There it is! I've been refreshing for ever - worth it! :D Take care Simon ❤
I loved the nested nature of this puzzle. It was such a joy watching you solve it.
I love how simon's first digit was totally obscure, while I just plopped a 9 in the seemingly most obvious spot after getting the coloring
Jolly Rogers - well done! Finding the squares was fun and straight forward. I fluffed up when I tried to make all the digits in the 4x4 divisible by 16 instead of just the corners. Great Puzzle!
Well, fluff you! .....hmm, doesn't quite work, does it?
Two greens in the bottom row!!
thanks, now I can't unsee it and therefore won't sleep tonight x(
@@MaierFlorian Sorry!
After discovering this channel and having an absolute blast following along as the puzzles get solved, I have tried myself to do a few puzzles from logic-masters on the sudokupad. It has been great fun, although I stick to the 1-star difficulty, beacuse while I mostly have no issues following Simon and Mark's reasonings (thank you for the constant great explanations), I don't have nearly that kind of capacity to figure out which question to ask next. And also, I don't often have the luxury of sitting down for very long at a time, so I need to be able to either finish relatively quickly, or be able to pick a puzzle back up after not looking at it for a while.

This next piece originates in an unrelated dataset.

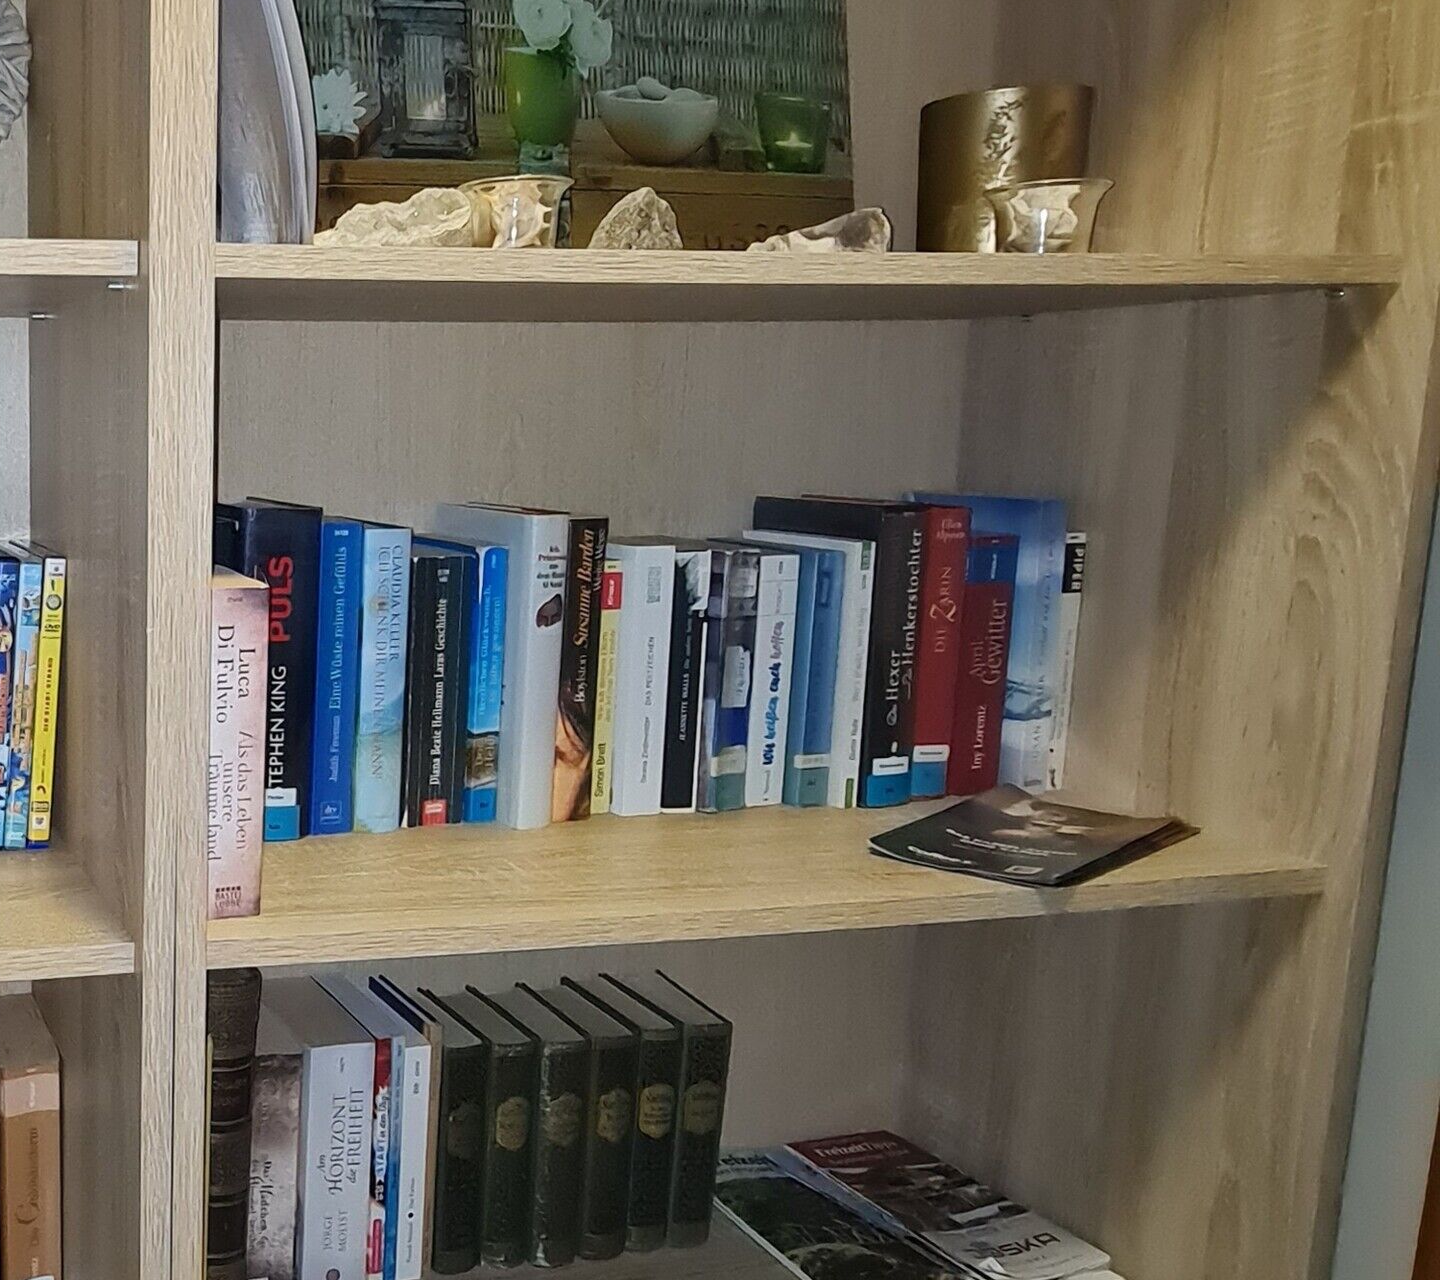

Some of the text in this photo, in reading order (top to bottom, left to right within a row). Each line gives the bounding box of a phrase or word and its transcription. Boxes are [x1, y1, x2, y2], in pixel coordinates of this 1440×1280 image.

With that in mind, I personally thought it might be cool to see them breeze through 3-4 easy puzzles in a video, to see how fast they work on puzzles where I can actually compare myself to them, relatively fairly. Just a suggestion for a one-off thing or something.
This is a wonderful puzzle, and a wonderful solve!
What a puzzle. It seems we have 3 puzzles in one! 😆
Absolutely brilliant setting! Thanks for a wonderful gem of a puzzle!
Also it is nice to see that you don't have to "cheat" and look at the title for the break in. Simon used the circle for the main break, but I used the region in box 7's corner. (The red circle is used for some logic, but isn't my main focus.)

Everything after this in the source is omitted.